Why go to Hanoi’s best known craft village on a tour when you can just as easily go there by yourself?

 

There isn’t a tour agency in Hanoi worth its salt that doesn’t offer an overpriced day trip to Bat Trang, the famous ceramics village. This handy guide should enable you to make the trip yourself, for a fraction of an organised tour price and with a few little extra excursions thrown in for no added cost.

 

Not a Village

 

The first thing you need to do is mentally prepare. This involves lowering your expectations. Every guide, both online and in the flesh, waxes lyrical about the “traditional” or “ancient” ceramics village and its seven-century history. Maybe once upon a time it was as poetic and charming as these guides would have you believe. These days however, Bat Trang Industrial Zone would be more appropriate.

 

The narrow roads around the village haven’t seen the same level of development and modernisation as the workshops, which means every lane is a dusty labyrinthine death-trap full of trucks and potholes.

 

Not a Day Trip

 

Given that Bat Trang is just 13km from Chuong Duong Bridge in Central Hanoi, it’s easily reachable in less than half an hour. Even with a two-hour pottery class, you can still wrap up the whole visit in under half a day.

 

A Grab or Uber xe om will get you there for around VND50,000, but the short trip is actually quite pleasant, so take your own bike if you have one.

 

If there’s no great rush, stop off at Tho Khoi; a complex of beautiful pagodas and a community hall either side of the DT378, which is on the main road from Chuong Duong Bridge to Bat Trang.

 

While this main road is the easiest way to get there, the best way is to come off the main road at some point around Thong Nhat and Xom Bai (small towns just after Vinh Tuy Bridge) and take a slow ride through the fruit fields.

 

And don’t forget; no matter how fresh, ripe and unguarded the bananas, star fruits and guavas look, definitely don’t help yourself to enough to fill up the space under your bike seat.
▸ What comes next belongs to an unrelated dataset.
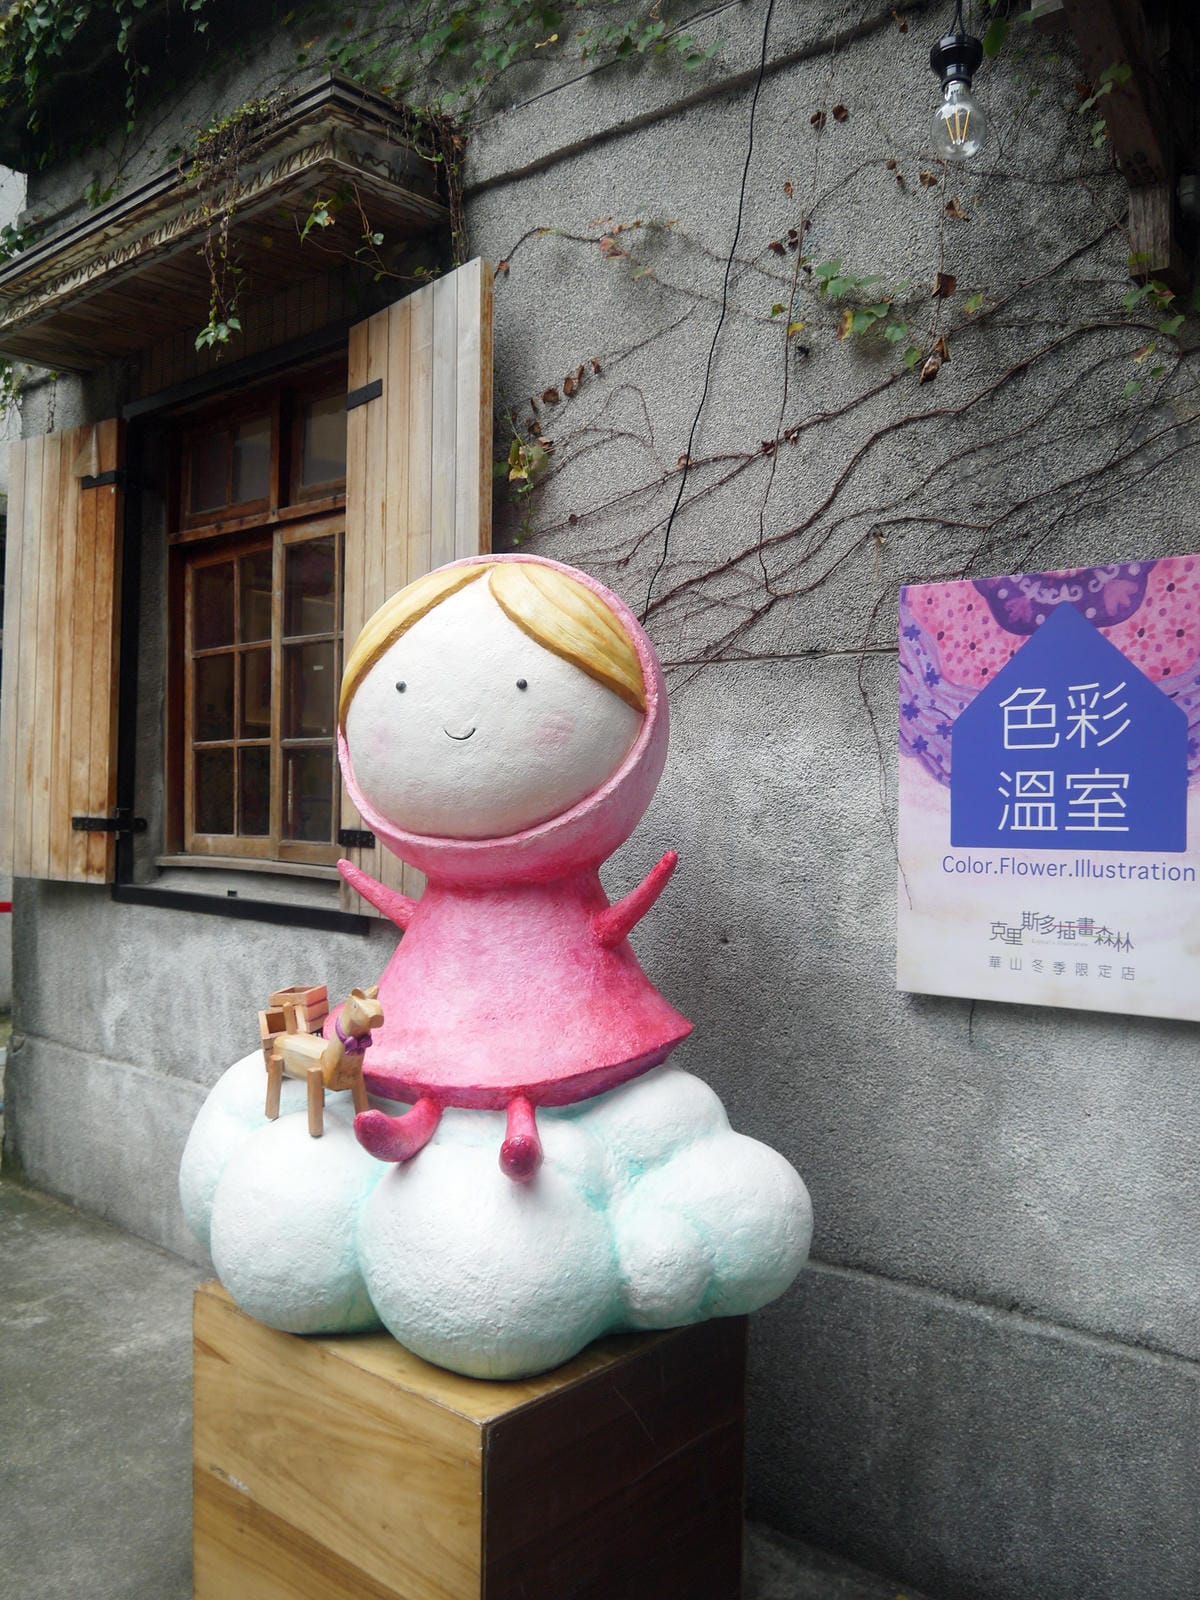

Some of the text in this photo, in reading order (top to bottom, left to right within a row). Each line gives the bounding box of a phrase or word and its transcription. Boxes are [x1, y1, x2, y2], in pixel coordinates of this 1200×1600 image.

Definitely don’t.

 

Tons of Teapots

 

Once you arrive, the whole place feels like one giant pottery emporium; it’s hard to believe that all of the shops have different owners, given the similarity between their products.

 

However, if you want to find something a bit different, head to Delicious Ceramics (227 Xom 4 Giang Cao, Bat Trang). The cute, minimalist shopfront is a good clue as to why; the products inside are less dusty and more original/modern than you can find elsewhere, and the owner is more than happy to just chill out with you and drink tea.

 

Hands On

 

If you want to get your hands (and jeans) dirty by attempting to make your own little trinket, there are plenty of workshops devoted to this purpose; no English is necessary.

 

At Son Yen (251 Xom 4 Giang Cao, Bat Trang) you can rock up without booking, pay VND40,000 and get a chunk of clay, a bit of watch-and-follow guidance and access to all the paints you could want.

 

Over at Lo Bau Co (Xom 2, Bat Trang), you can find an excellent combo deal for just VND90,000. This includes the same pottery-making experience as above, plus a tour of the enormous old dragon kilns and old village, a pot of tea, and free delivery for whatever you make.

 

Organised tours to Bat Trang vary in price from around VND550,000 to well over VND2 million. If you drive yourself and have lunch there (plenty of buns, phos and banhs around), the whole trip will cost less than VND150,000. 

 

 


 

PHOTOS BY JULIE VOLA

 

 

Edward Dalton

Ted landed in Vietnam in 2013, looking for new ways to emulate his globetrotting, octo-lingual grandfather and all-round hero. After spending a year putting that history Masters to good use by teaching English, his plan to return to his careers adviser in a flood of remorseful tears backfired when he met someone special and tied the knot two years on. Now working as a wordsmith crackerjack (ahem, staff writer) for Word Vietnam.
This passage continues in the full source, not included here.